I finally walked away from that startup a day or two after he accused me of being into self-sabotage when he sent another text asking me to show up at a few upcoming Lyme disease related events selling those jumpsuits from out of backpacks. (He didn’t register for vendor booths at those events either.) Between the self-sabotage insult and the fact that I wasn’t paid the rest of the money I was owed for the work I had done, I realized that I had no future with this startup. I wrote a retraction post where I announced that I would no longer write about work that I’m doing for other people in this blog until after the work was finished or there was some kind of a closure.

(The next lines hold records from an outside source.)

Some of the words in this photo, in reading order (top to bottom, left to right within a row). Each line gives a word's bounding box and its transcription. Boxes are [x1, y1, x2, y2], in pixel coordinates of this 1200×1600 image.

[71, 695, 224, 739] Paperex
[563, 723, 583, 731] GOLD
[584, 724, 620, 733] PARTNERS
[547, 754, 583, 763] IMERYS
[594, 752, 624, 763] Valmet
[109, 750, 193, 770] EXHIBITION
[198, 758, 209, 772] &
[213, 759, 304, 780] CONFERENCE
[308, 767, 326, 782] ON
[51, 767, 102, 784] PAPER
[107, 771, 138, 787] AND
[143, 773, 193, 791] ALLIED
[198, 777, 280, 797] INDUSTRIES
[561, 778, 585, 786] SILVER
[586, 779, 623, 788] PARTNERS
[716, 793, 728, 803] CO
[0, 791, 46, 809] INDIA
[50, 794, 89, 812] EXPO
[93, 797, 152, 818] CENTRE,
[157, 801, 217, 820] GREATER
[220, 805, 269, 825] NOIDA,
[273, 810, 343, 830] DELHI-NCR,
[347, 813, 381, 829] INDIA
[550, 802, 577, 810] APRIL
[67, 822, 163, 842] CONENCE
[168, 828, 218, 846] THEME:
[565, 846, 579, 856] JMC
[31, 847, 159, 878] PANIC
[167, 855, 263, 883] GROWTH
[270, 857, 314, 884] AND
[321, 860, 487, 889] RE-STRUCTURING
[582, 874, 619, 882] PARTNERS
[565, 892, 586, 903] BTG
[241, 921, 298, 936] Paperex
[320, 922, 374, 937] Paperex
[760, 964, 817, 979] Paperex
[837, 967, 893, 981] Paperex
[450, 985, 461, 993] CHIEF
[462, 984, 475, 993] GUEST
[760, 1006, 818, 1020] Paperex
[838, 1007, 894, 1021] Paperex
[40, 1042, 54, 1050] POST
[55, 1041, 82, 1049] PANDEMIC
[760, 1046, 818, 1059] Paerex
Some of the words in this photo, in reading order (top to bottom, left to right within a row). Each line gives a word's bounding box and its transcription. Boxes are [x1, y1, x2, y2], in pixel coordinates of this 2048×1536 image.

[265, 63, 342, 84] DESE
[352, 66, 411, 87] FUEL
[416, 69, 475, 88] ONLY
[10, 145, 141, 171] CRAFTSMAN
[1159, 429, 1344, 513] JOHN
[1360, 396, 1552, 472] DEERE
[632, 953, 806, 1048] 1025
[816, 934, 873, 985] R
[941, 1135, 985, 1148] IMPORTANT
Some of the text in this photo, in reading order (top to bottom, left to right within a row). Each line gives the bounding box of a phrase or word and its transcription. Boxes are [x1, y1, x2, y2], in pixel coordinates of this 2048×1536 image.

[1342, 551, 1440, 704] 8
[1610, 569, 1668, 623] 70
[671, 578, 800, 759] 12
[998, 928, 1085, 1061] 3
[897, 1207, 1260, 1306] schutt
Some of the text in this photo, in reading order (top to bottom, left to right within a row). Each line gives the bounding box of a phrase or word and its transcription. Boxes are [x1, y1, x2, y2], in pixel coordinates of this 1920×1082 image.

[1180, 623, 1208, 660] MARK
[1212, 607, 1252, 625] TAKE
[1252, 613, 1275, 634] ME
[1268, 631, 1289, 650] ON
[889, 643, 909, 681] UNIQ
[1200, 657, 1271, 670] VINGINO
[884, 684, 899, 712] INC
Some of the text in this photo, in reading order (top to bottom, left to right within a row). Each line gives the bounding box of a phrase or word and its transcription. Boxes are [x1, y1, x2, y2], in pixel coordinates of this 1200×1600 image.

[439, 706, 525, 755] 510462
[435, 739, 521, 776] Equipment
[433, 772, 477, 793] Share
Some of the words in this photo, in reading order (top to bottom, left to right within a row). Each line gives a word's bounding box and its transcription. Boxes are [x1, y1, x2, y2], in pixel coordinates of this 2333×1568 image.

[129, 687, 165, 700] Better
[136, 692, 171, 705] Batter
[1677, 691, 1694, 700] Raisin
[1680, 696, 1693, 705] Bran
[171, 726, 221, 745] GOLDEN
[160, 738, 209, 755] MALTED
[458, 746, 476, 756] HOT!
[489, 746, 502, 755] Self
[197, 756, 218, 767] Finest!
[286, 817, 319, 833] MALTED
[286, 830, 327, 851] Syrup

The startup founder eventually paid me the rest of the money he owed me last November. Granted six months is a long time to wait for a paycheck but at least he paid so I thought I had some closure on this startup.

But then there was new drama earlier this year when the founder had decided to try reviving the Sawyer Permethrin-sprayed jumpsuit idea on a Facebook page using a selfie I took of myself wearing one of the jumpsuits without asking permission first or even trying to get me to sign a release. I didn’t hear any further from my ex-boss for a while after that incident.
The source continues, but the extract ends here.